Abstract text: Water-conducting xylem vessels display strikingly ordered secondary cell walls (SCWs). Protoxylem vessels (PXVs) typically form periodic banded or spiral thickenings, whereas metaxylem vessels (MXVs) develop continuously thickened SCWs interspersed with pits. Intermediate reticulate patterns also occur in older vessels or under abiotic stress. Despite recent progress, the mechanisms underlying the formation and periodic deposition of these SCW patterns remain incompletely understood.

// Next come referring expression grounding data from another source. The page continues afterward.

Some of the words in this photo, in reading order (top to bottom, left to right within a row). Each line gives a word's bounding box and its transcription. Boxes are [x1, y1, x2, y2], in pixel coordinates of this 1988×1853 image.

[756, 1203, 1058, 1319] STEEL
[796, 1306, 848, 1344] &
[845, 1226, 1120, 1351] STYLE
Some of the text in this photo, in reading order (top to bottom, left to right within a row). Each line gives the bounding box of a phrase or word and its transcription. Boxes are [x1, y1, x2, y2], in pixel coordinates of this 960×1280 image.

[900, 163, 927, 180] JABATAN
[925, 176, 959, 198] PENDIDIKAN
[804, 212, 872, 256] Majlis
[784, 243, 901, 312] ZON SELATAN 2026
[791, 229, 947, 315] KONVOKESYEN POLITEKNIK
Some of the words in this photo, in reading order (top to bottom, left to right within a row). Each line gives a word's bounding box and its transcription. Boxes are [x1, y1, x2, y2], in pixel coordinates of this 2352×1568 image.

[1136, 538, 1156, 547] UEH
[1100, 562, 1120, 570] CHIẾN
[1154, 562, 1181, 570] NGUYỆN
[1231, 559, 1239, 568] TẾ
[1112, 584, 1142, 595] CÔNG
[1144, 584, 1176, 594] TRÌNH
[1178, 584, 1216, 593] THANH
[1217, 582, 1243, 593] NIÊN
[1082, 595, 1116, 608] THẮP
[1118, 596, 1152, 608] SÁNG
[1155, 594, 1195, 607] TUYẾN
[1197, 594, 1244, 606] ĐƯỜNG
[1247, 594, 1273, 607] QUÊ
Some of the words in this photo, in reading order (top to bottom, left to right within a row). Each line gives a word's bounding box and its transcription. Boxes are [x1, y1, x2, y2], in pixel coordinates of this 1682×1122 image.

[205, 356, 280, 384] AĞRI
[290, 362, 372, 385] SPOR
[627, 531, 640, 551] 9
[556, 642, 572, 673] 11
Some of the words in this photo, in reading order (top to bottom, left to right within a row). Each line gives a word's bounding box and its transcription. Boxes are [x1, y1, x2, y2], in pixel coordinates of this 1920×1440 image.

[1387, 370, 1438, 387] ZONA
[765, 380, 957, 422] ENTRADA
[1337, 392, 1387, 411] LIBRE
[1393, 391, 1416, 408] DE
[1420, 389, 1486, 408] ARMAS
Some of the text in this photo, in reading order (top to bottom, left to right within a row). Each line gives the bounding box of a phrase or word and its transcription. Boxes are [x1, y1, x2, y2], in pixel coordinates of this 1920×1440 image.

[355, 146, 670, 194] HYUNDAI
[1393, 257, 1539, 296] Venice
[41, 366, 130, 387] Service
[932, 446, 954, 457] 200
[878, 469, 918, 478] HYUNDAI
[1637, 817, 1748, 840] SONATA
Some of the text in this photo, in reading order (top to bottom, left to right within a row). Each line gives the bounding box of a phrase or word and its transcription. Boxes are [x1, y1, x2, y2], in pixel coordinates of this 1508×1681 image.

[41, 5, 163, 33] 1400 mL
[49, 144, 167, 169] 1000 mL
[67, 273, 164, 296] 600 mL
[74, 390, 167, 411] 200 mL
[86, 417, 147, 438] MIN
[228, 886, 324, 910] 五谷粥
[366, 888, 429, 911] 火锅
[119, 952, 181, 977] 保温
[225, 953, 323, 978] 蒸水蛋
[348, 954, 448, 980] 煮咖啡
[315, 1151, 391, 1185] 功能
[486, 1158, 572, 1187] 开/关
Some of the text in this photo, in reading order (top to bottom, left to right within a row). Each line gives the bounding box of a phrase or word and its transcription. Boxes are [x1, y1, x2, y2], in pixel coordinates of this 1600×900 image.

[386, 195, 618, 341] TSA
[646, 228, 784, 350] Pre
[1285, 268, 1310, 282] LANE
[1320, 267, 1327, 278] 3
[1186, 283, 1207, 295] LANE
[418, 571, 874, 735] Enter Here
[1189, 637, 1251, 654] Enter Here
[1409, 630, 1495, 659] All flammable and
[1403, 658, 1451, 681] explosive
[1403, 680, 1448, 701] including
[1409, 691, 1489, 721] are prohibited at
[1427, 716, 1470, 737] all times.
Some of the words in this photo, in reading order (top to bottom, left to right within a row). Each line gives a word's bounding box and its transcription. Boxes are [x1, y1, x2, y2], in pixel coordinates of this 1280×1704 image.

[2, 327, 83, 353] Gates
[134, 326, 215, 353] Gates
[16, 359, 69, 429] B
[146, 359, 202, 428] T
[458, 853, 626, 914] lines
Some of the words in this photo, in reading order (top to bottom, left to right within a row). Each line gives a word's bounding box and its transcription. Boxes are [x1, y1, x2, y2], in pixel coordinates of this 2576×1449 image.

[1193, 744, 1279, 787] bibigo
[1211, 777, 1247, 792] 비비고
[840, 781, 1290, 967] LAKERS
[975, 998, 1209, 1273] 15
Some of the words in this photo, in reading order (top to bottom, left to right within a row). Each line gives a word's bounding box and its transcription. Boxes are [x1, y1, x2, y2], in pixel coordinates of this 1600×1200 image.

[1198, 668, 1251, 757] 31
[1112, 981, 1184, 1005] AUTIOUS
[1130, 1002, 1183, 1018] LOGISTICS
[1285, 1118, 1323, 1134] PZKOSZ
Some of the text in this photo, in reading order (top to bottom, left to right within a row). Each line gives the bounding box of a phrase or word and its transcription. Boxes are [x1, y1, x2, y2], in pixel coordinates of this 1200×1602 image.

Most studies of xylem SCW architecture rely on maximum-intensity projections or single optical sections of confocal z-stacks to visualize these patterns. While informative, such approaches capture only a limited view of the vessel wall and restrict quantitative analysis of the full three-dimensional structure.
To overcome these limitations, we developed an image-analysis pipeline for Arabidopsis thaliana that combines optimized ClearSee clearing, chemical labeling of cellulose and lignin, and confocal z-stack acquisition. Automated segmentation identifies vessel geometry in three-dimensional datasets, enabling the vessel wall to be computationally extracted and “unrolled” into two-dimensional radial projections that reveal the entire SCW surface.
This approach enables quantitative measurements of vessel diameter, SCW band and gap thickness, and spiral orientation, and detects characteristic SCW defects in xylem mutants. The workflow is provided as an open-source Fiji plugin supporting both single-sample and batch analyses.